Next-Gen Immunotherapy: Engineering Cancer-Fighting Cells Inside the Body

June 01, 2025

In the 1990s, Bruce Levine and his colleagues set out to engineer immune cells to fight cancer—a bold idea few believed would work. “The wider community was very sceptical,” recalls Levine, an immunologist at the University of Pennsylvania’s Perelman School of Medicine. Their research was often relegated to obscure, poorly attended conference sessions.

Today, their innovation—CAR T cells—has become one of the most powerful tools for treating blood cancers. Ongoing studies suggest these engineered immune cells may also help combat brain tumors, other solid cancers, and autoimmune diseases. Analysts estimate the CAR T therapy market, projected to reach $11 billion this year, could grow to nearly $190 billion by 2034.

Yet the treatment is far from simple. CAR T therapy requires extracting a patient’s T cells, sending them to a lab for genetic modification to express a chimeric antigen receptor (CAR), growing them into hundreds of millions, freezing them, and sending them back for infusion. This complex process limits availability to just 200 centers in the U.S. and drives costs to around $500,000 per dose.

To overcome these barriers, some biotech firms are developing in vivo CAR T therapies—treatments that engineer T cells directly inside the body.

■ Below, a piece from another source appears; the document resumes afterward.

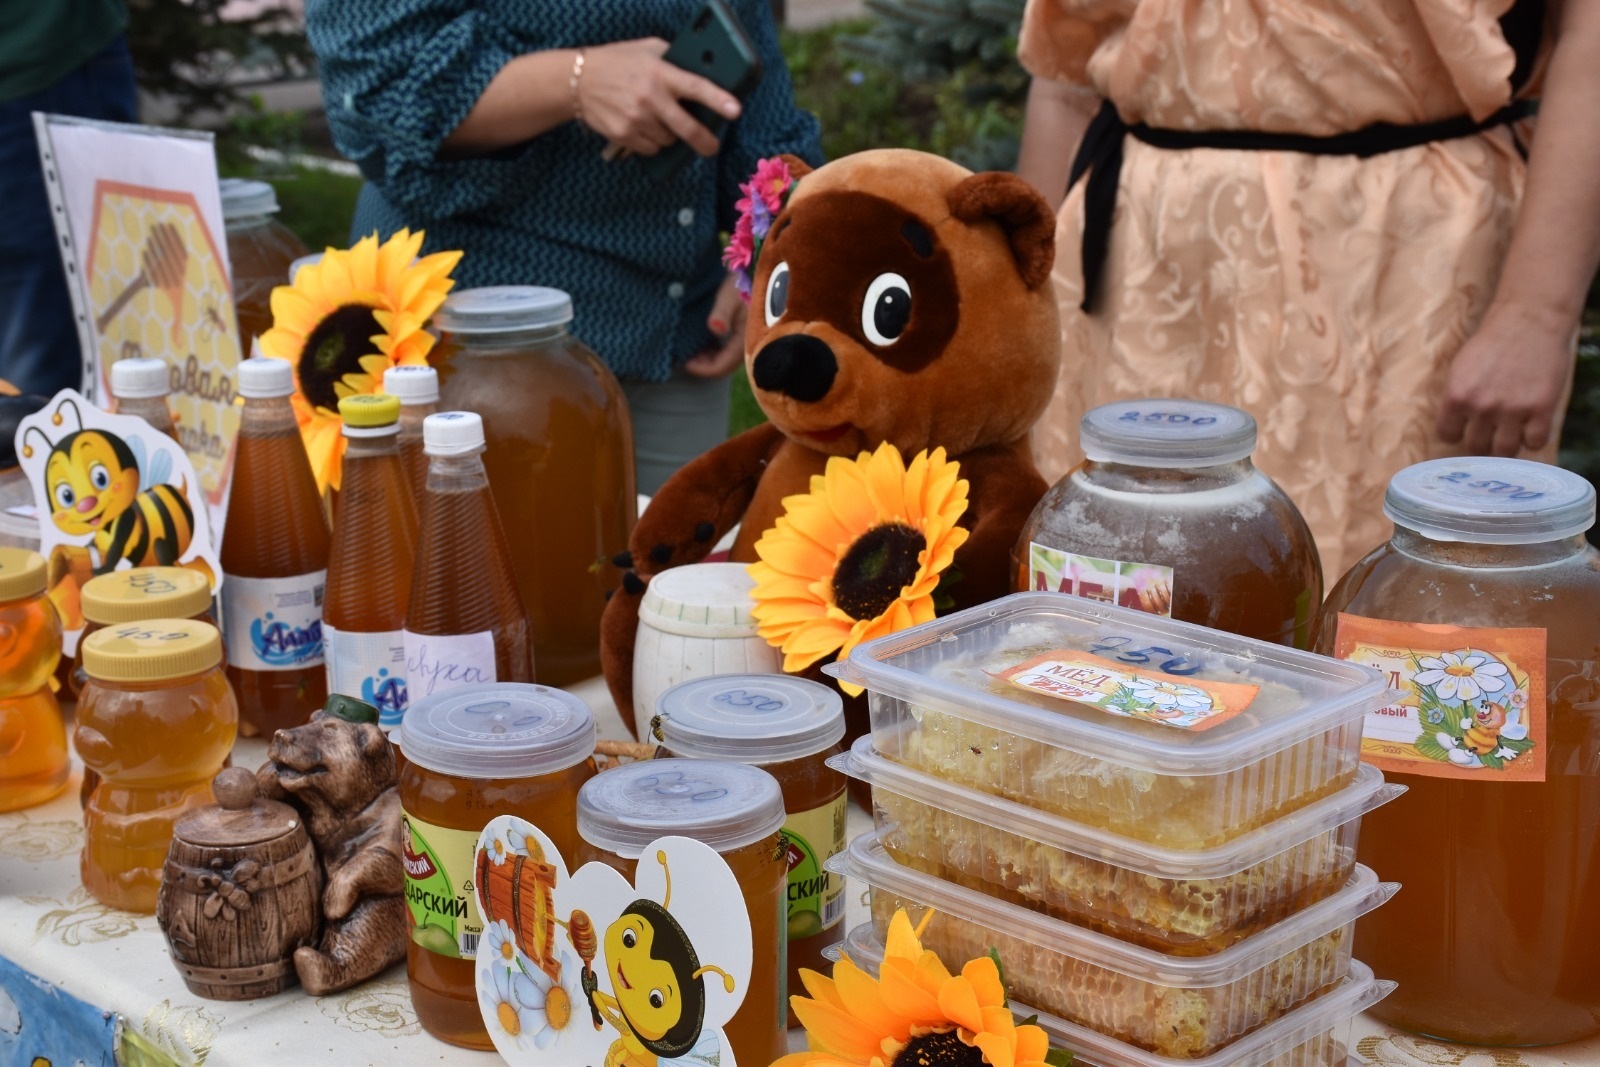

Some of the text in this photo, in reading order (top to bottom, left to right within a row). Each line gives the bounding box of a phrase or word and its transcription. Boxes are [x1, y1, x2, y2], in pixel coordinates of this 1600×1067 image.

These therapies could be mass-produced and distributed at significantly lower costs, potentially around one-tenth of current prices.

The idea has attracted major figures. Levine, Carl June, and Nobel laureate Drew Weissman co-founded Capstan Therapeutics. Jennifer Doudna co-founded Azalea Therapeutics. In March, AstraZeneca committed up to $1 billion to acquire in vivo CAR T developer EsoBiotec.